Data entries
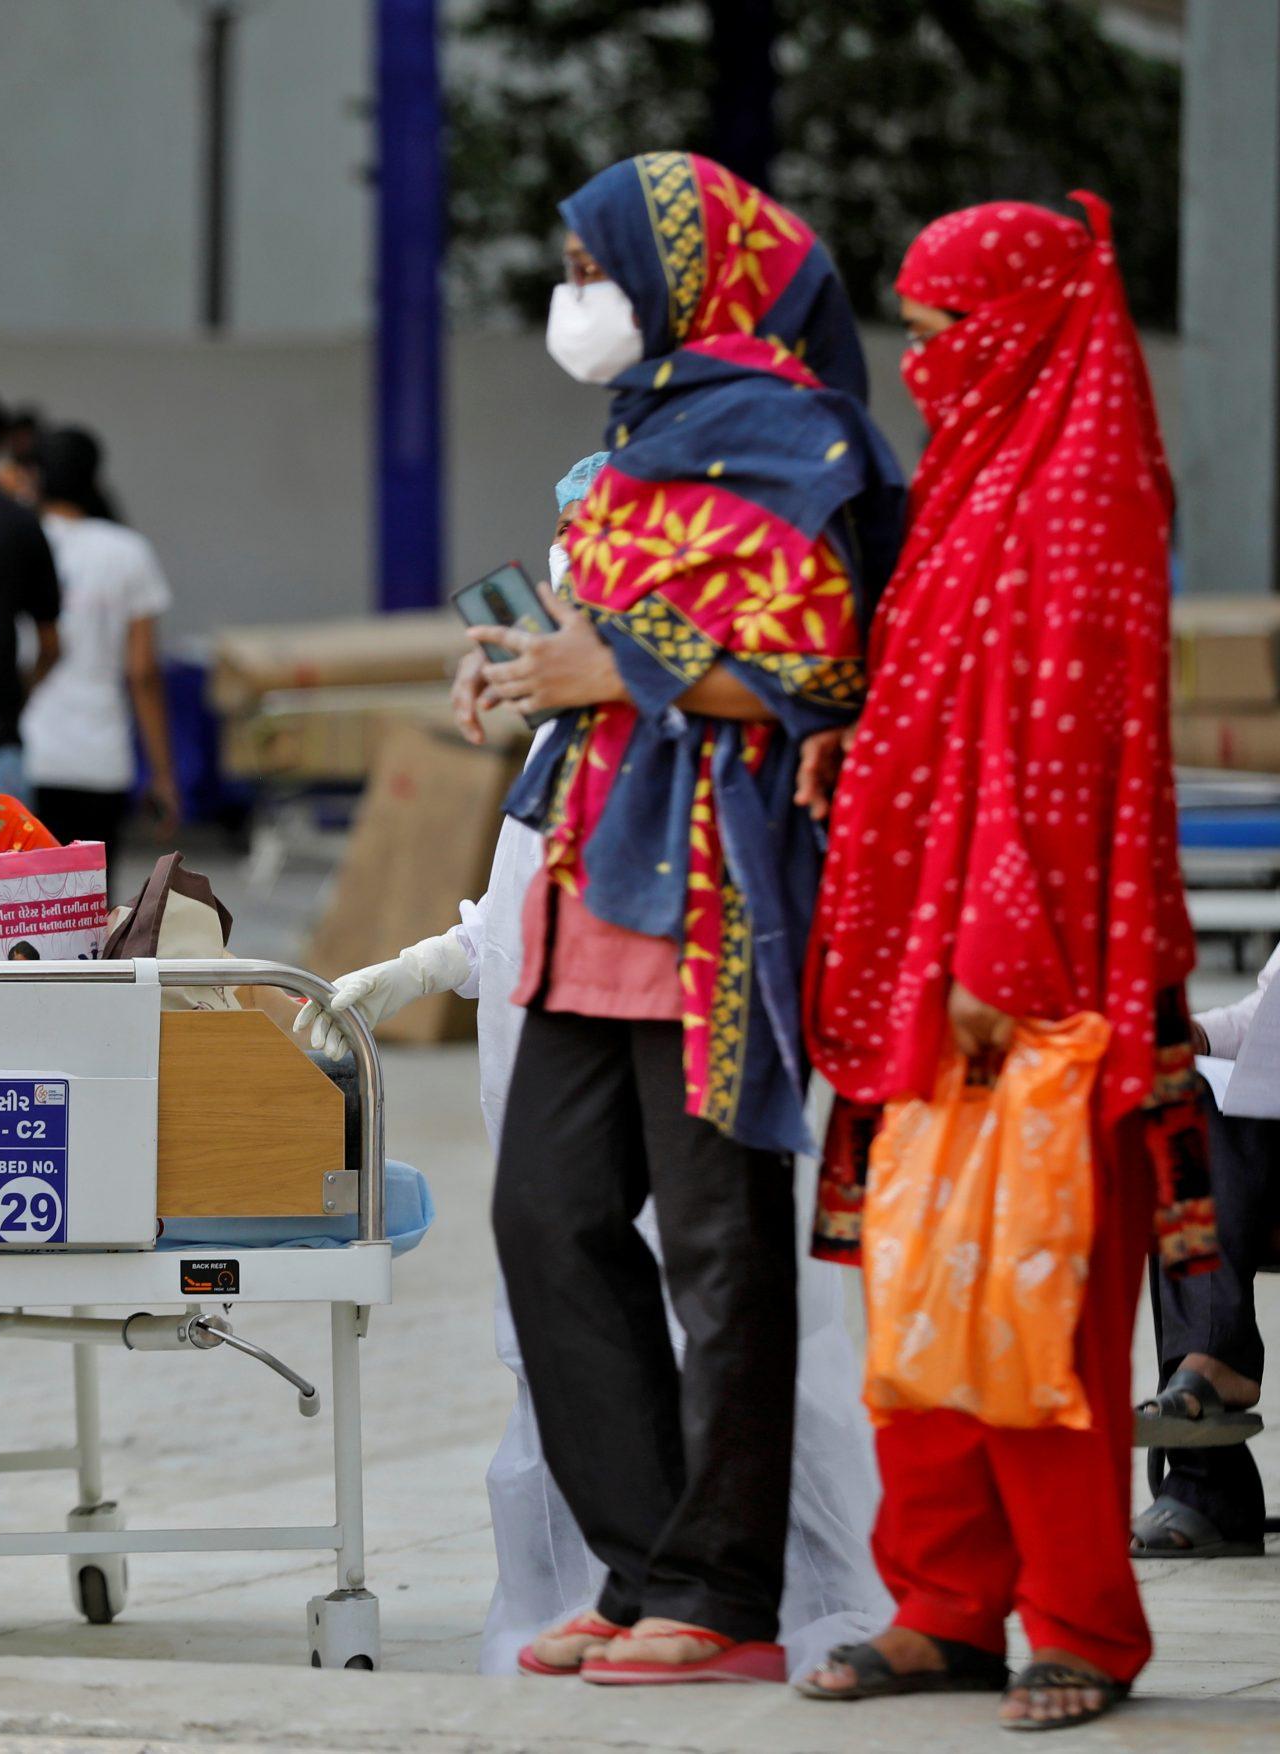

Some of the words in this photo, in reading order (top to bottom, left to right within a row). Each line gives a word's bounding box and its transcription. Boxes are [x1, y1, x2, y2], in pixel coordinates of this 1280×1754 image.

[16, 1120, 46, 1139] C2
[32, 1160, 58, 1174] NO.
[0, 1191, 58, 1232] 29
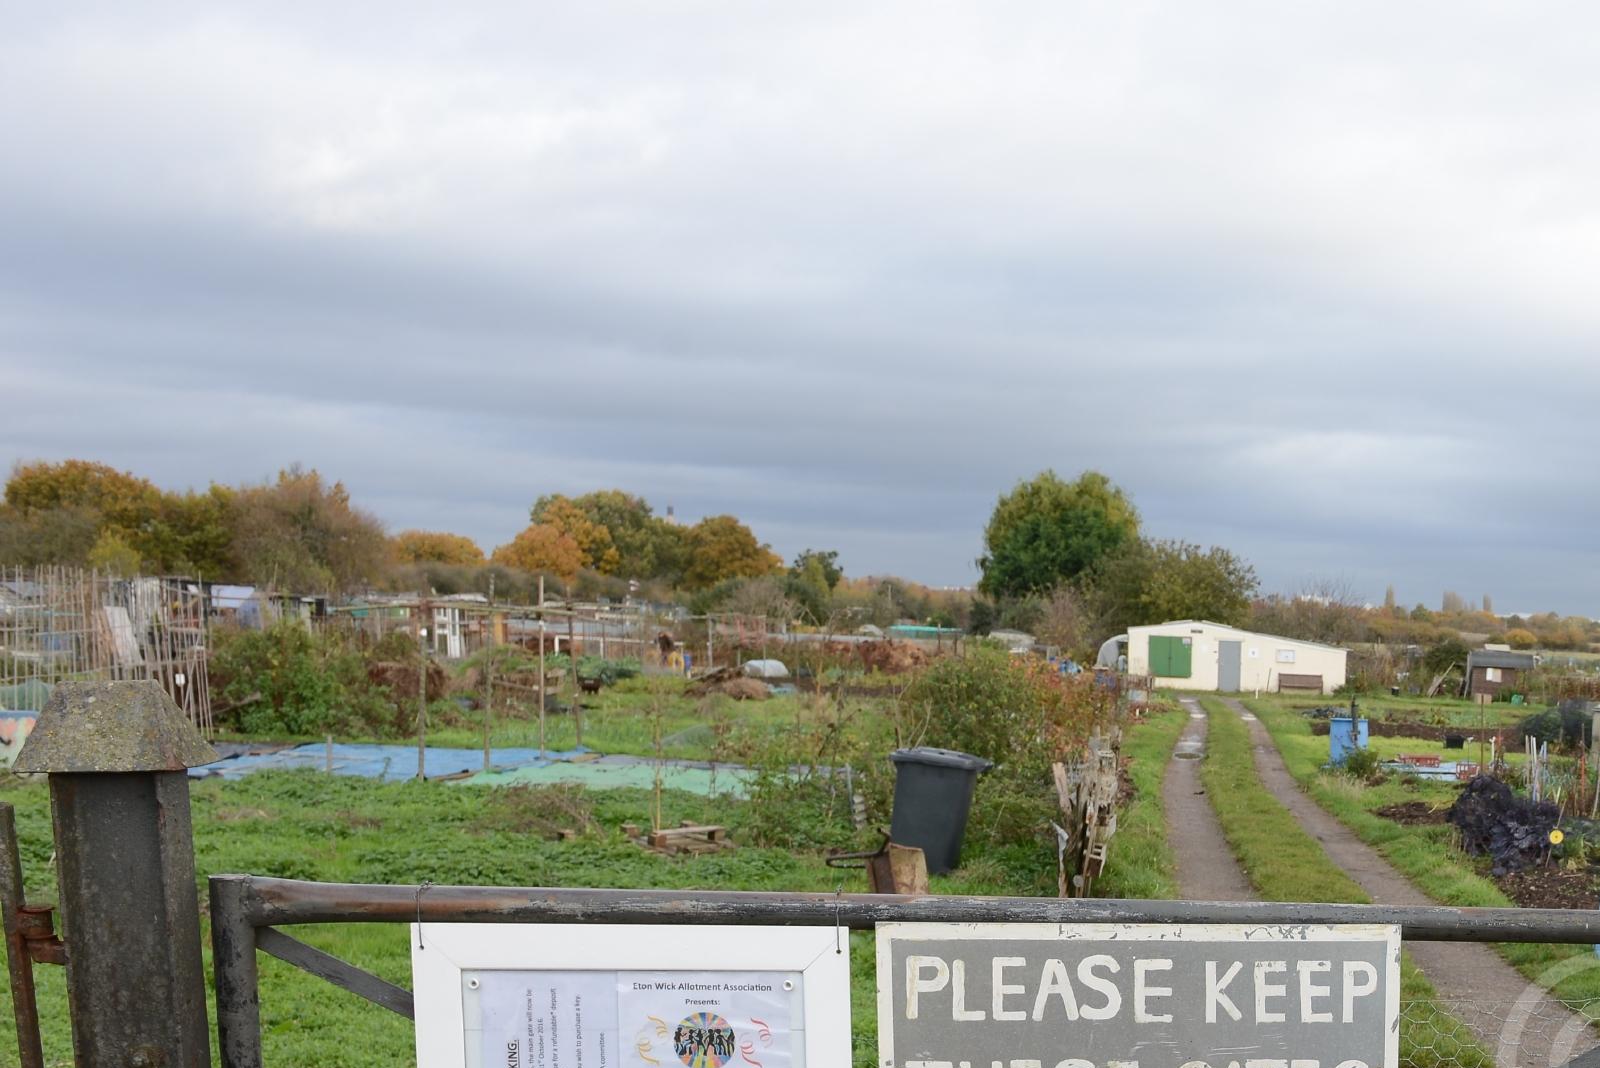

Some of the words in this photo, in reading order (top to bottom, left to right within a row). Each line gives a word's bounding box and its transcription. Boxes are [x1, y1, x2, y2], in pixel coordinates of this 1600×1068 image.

Task
Output the entries exactly and keep every picture out of them.

Finished task
Some of the words in this photo, in reading order (top to bottom, left to right within a row). Each line gives a word's bounding box and its transcription. Boxes are [x1, y1, x2, y2], in pixel coordinates of this 1280×1754 image.

[16, 1120, 46, 1139] C2
[32, 1160, 58, 1174] NO.
[0, 1191, 58, 1232] 29

Some of the words in this photo, in reading order (top to bottom, left to right within a row). Each line gives a word's bounding box and its transcription. Boxes are [x1, y1, x2, y2], in pixel coordinates of this 1600×1068 image.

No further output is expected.